Provided entries START
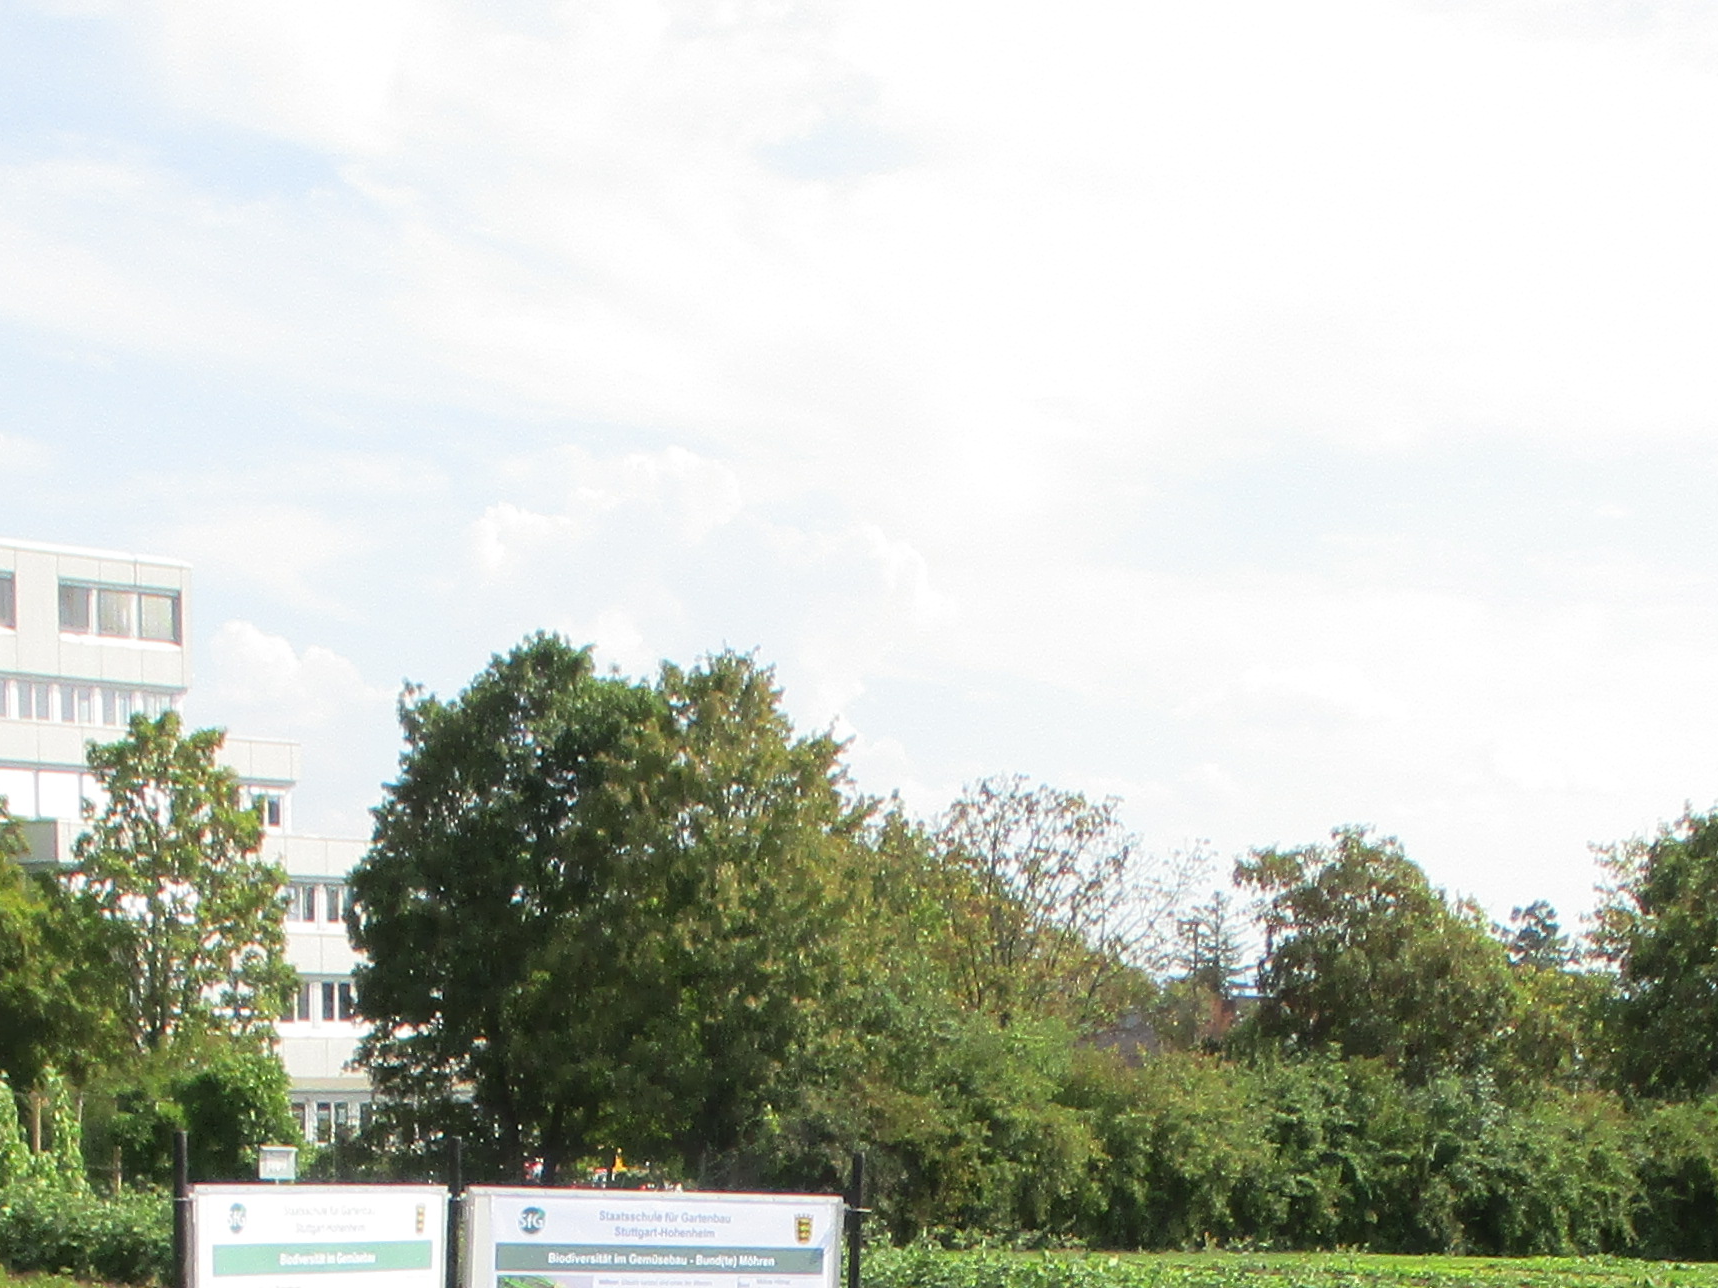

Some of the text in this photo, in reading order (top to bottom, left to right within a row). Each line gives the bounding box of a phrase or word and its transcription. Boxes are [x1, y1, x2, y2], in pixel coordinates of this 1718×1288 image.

[519, 1212, 544, 1229] SfG
[599, 1210, 731, 1224] Staatsschule für Gartenbau
[614, 1226, 715, 1239] Stuttgart-Hohenheim
[548, 1252, 612, 1265] Biodiversität
[614, 1254, 627, 1265] im
[629, 1253, 688, 1266] Gemüsebau
[696, 1255, 737, 1268] Bund(te)
[739, 1255, 775, 1267] Möhren
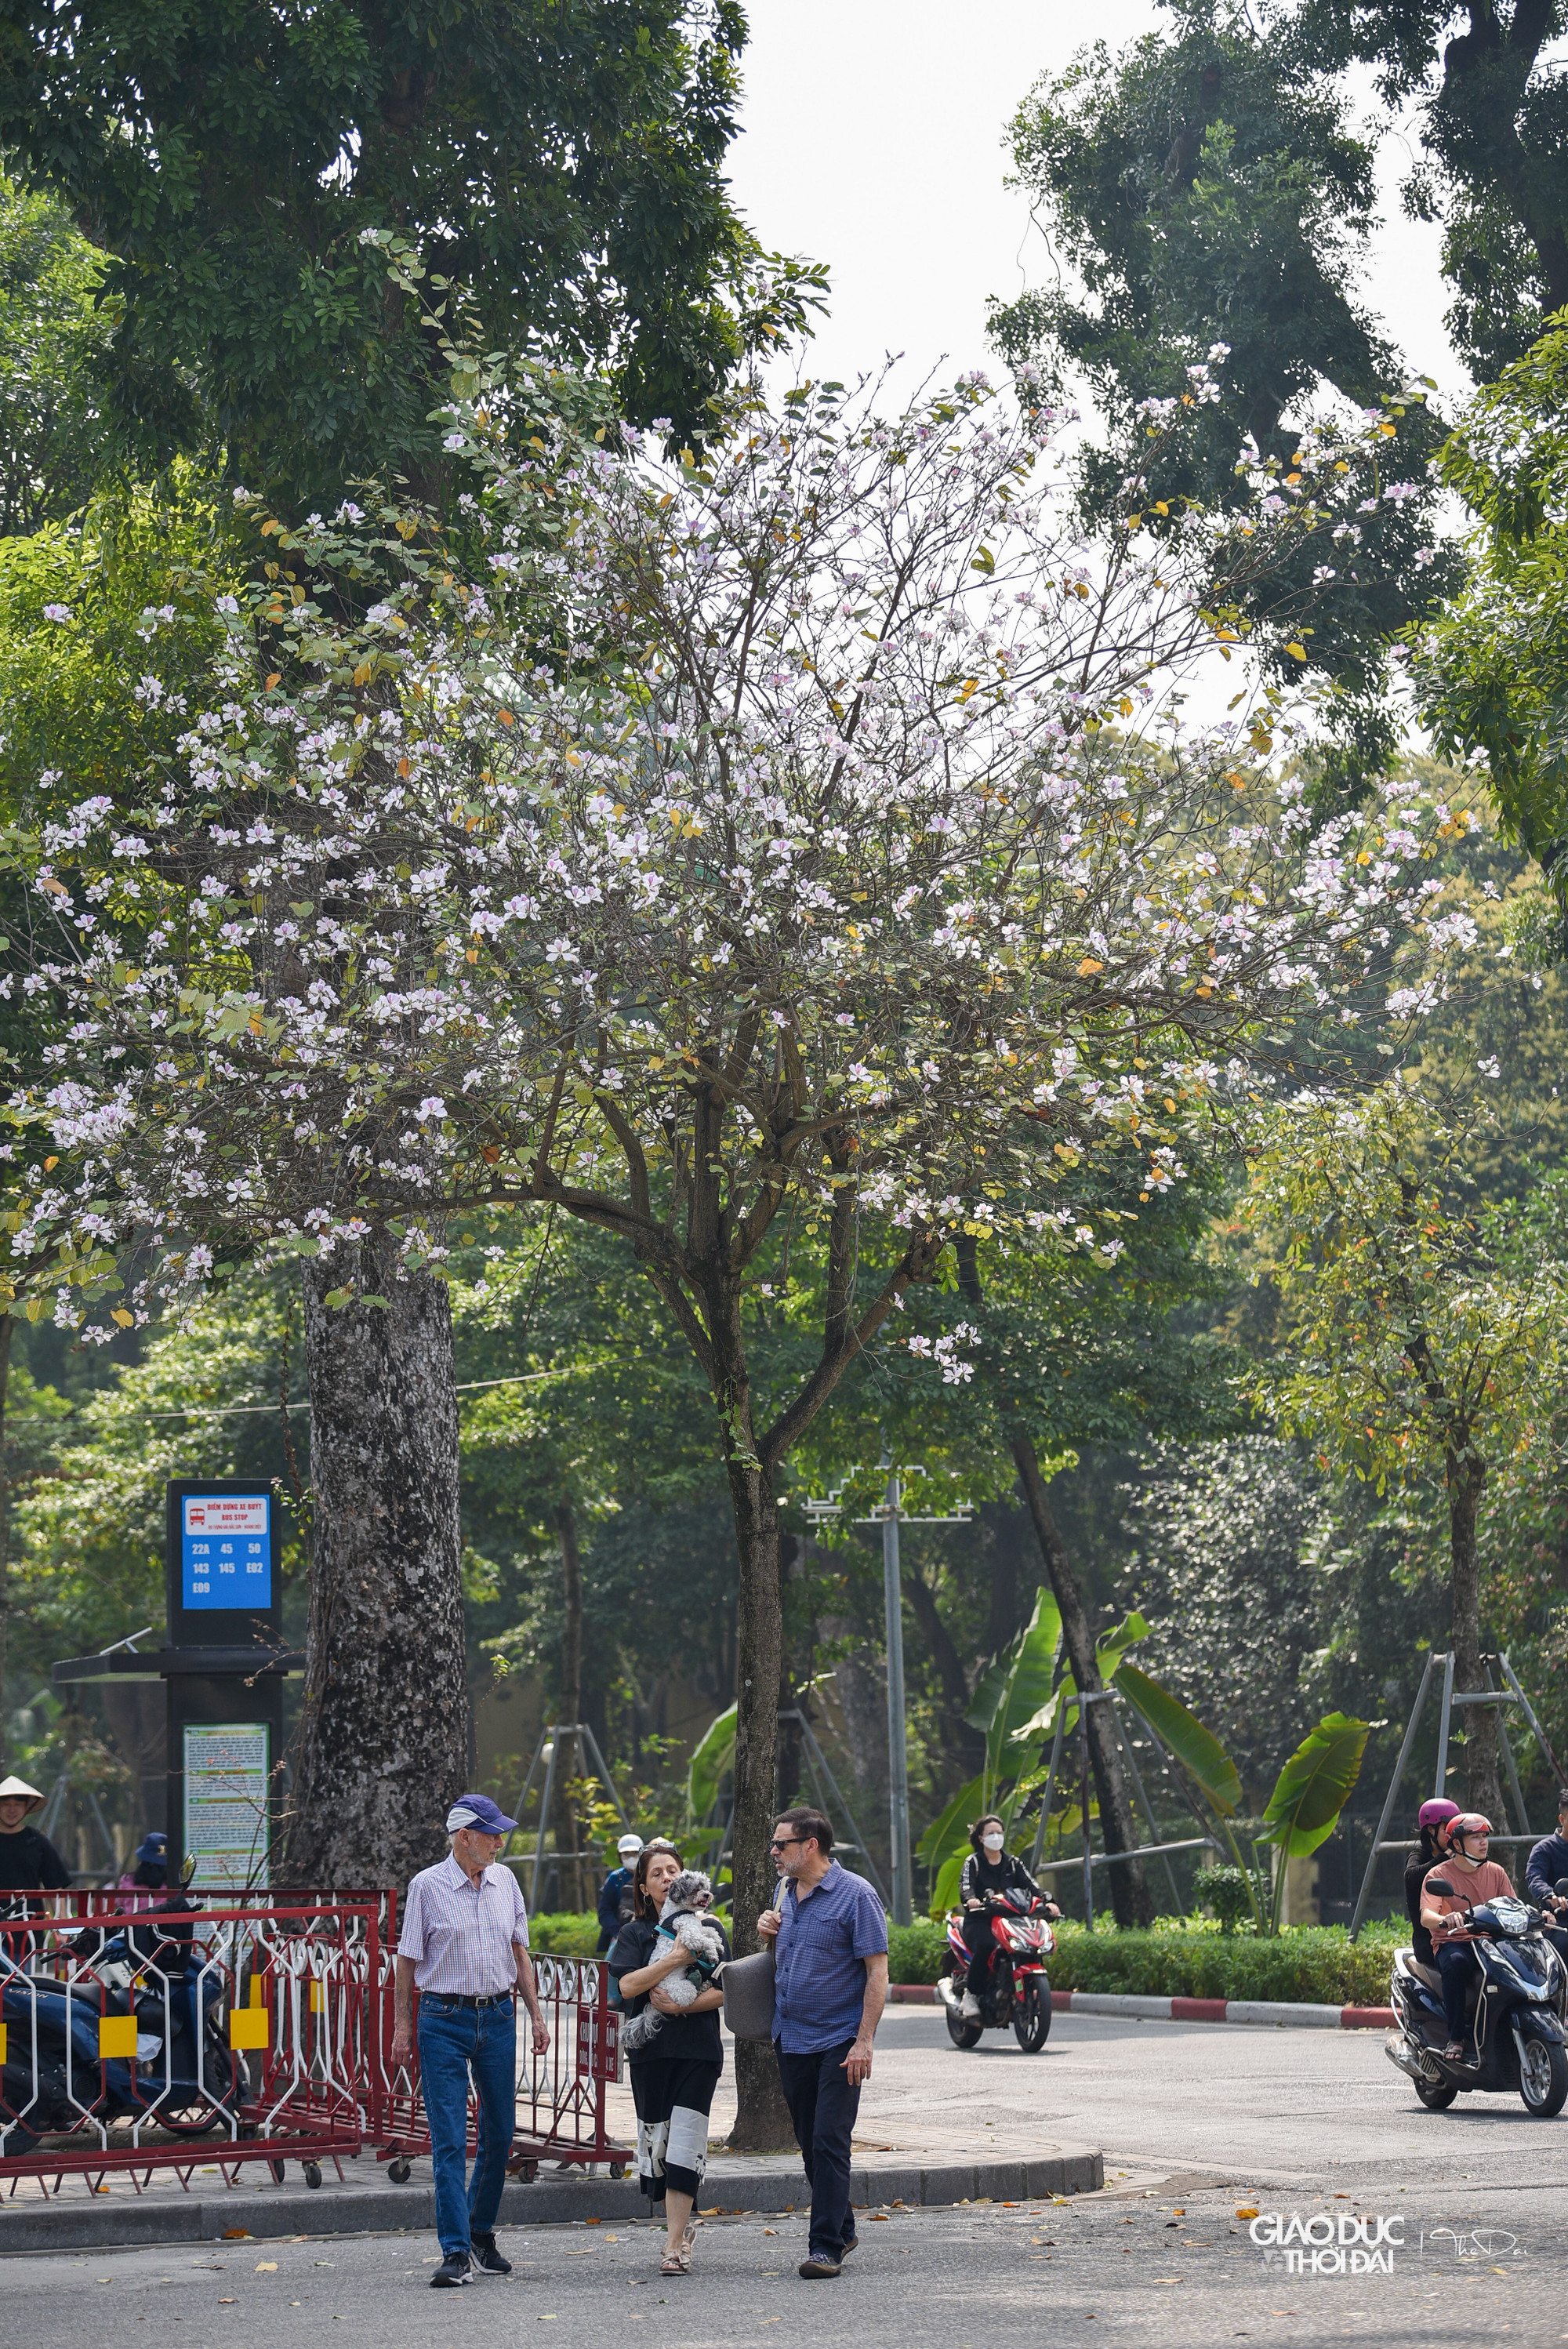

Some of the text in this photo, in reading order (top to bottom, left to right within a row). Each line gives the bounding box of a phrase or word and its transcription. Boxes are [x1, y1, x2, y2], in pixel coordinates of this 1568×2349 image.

[192, 1542, 261, 1555] 22A 45 50
[193, 1562, 263, 1574] 143 145 E02
[192, 1582, 210, 1593] E09
Provided entries END
> [Task goal]: Write the entries above out again exactly, but not the pictures.

> [Answer box]:
Some of the text in this photo, in reading order (top to bottom, left to right within a row). Each line gives the bounding box of a phrase or word and its transcription. Boxes are [x1, y1, x2, y2], in pixel coordinates of this 1718×1288 image.

[519, 1212, 544, 1229] SfG
[599, 1210, 731, 1224] Staatsschule für Gartenbau
[614, 1226, 715, 1239] Stuttgart-Hohenheim
[548, 1252, 612, 1265] Biodiversität
[614, 1254, 627, 1265] im
[629, 1253, 688, 1266] Gemüsebau
[696, 1255, 737, 1268] Bund(te)
[739, 1255, 775, 1267] Möhren

Some of the text in this photo, in reading order (top to bottom, left to right within a row). Each line gives the bounding box of a phrase or word and its transcription. Boxes are [x1, y1, x2, y2], in pixel coordinates of this 1568×2349 image.

[192, 1542, 261, 1555] 22A 45 50
[193, 1562, 263, 1574] 143 145 E02
[192, 1582, 210, 1593] E09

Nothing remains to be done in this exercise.